Tuesday, January 21, 2014



Warmist proud of censoring dissent

In view of the great difficulty skeptics have at getting papers published in academic journals, one group of prominent skeptical scientists decided to set up their own journal.  No problem, you would think.  All sides of a debate should be aired.

But Warmists did not see it that way at all.  They went all out to pressure the publisher (Copernicus)  to ditch the journal  --  which it did.  Prominent Warmist James Annan is even proud  of his efforts in that direction.  He crows:

"Kudos to Copernicus for the rapid and decisive way in which they dealt with this problem. The problems at the journal were was first brought to my attention by ThingsBreak just last night, I emailed various people to express my concerns and the journal (which was already under close scrutiny by the publisher) was closed down within 24h."
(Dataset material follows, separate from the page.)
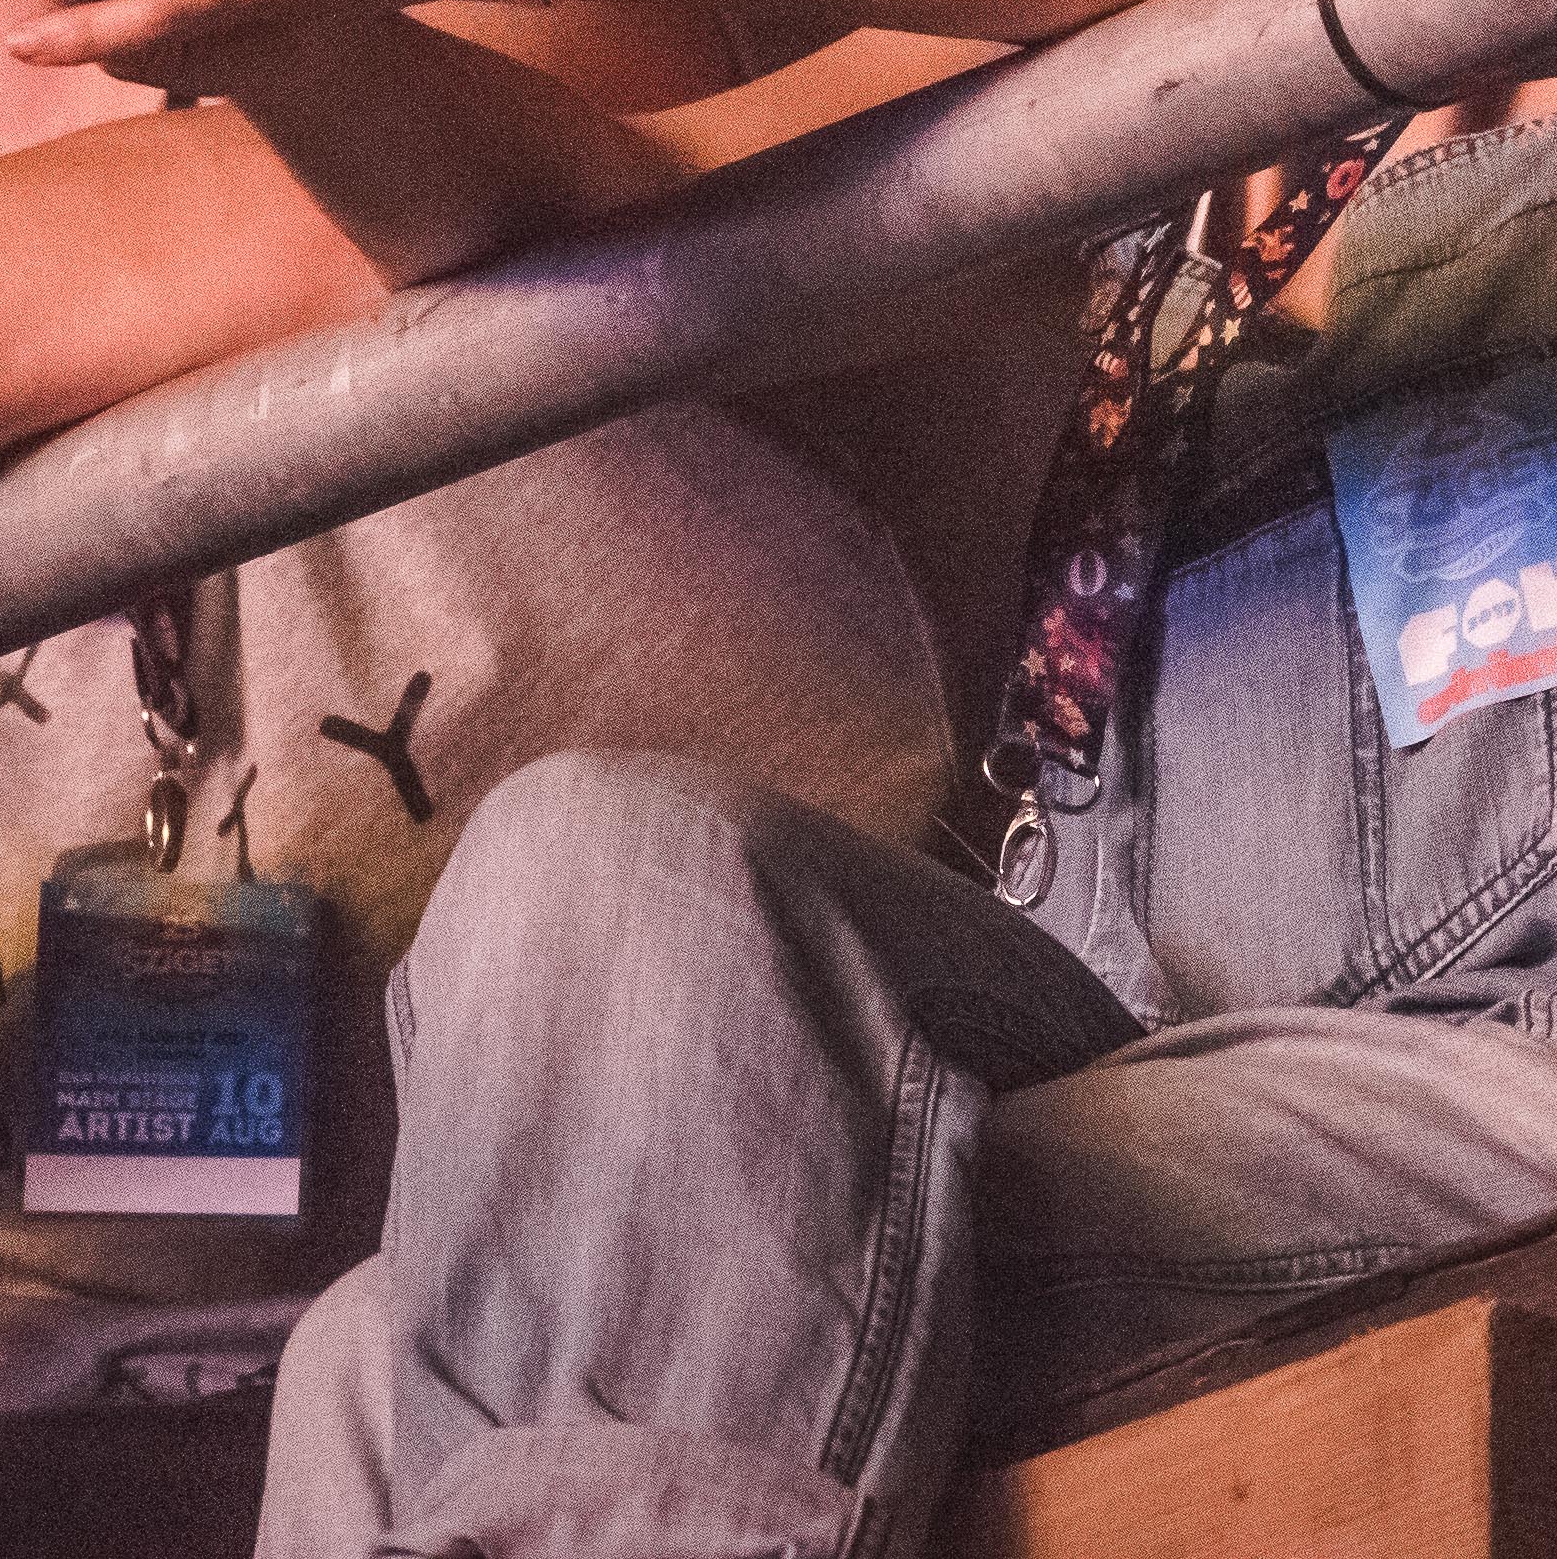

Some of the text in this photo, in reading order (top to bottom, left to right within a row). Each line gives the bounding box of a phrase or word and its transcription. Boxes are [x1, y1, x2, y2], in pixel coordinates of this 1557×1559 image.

[56, 1090, 199, 1109] MAIN STAGE
[210, 1071, 284, 1116] 10
[56, 1111, 198, 1142] ARTIST
[207, 1116, 284, 1145] AUG
The book burners are here!  Such efforts by Warmists clearly have more in common with totalitarianism than with science and convey nothing so much as fear and panic.  A commenter on his blog sums up the strange version of science behind such efforts:

"You've got to love climate science when you see episodes like this.

I think it is safe to say that in no other science do you see such overt power games played out like this.
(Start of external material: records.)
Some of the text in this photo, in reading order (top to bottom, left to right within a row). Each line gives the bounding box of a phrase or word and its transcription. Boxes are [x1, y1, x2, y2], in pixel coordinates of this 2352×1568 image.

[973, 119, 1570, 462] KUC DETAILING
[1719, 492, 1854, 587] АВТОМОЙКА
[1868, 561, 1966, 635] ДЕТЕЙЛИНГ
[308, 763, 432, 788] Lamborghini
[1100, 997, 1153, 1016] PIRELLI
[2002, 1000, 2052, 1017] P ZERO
It is clear that it is not just the retraction of a publication that is of primary importance here, it is the spin that comes off that retraction that is most important.

"Pour encourager les autres"

Since the ostensible reason given in the letter was that the publishers were "alarmed" at criticism of the IPCC it is obvious the lesson an observer should take is that any attempt to go out on a limb and "alarm" people must be shown to be wrong and is not to be encouraged.

You guys in climate must be so proud to have the best policed science that humanity has ever seen."




The Perverted Science of Global Warming Gets Dirty(er)

Scientists have recently discovered that rough surfaces may actually reduce the amount of friction and drag after testing the hypothesis on the microscopic level.

“According to researchers at UCLA, rough surfaces lined with tiny ridges may actually reduce drag,” says the Science Recorder. “Modeling fluid flow between two surfaces lined with tiny ridges, researchers found tiny ridges actually reduce drag, allowing the for fluid to flow around in a more efficient manner….This is not the first time scientists have sought to create models based on rough ridges to reduce drag. However, advances in technology now allow scientists to create models on a microscopic level.”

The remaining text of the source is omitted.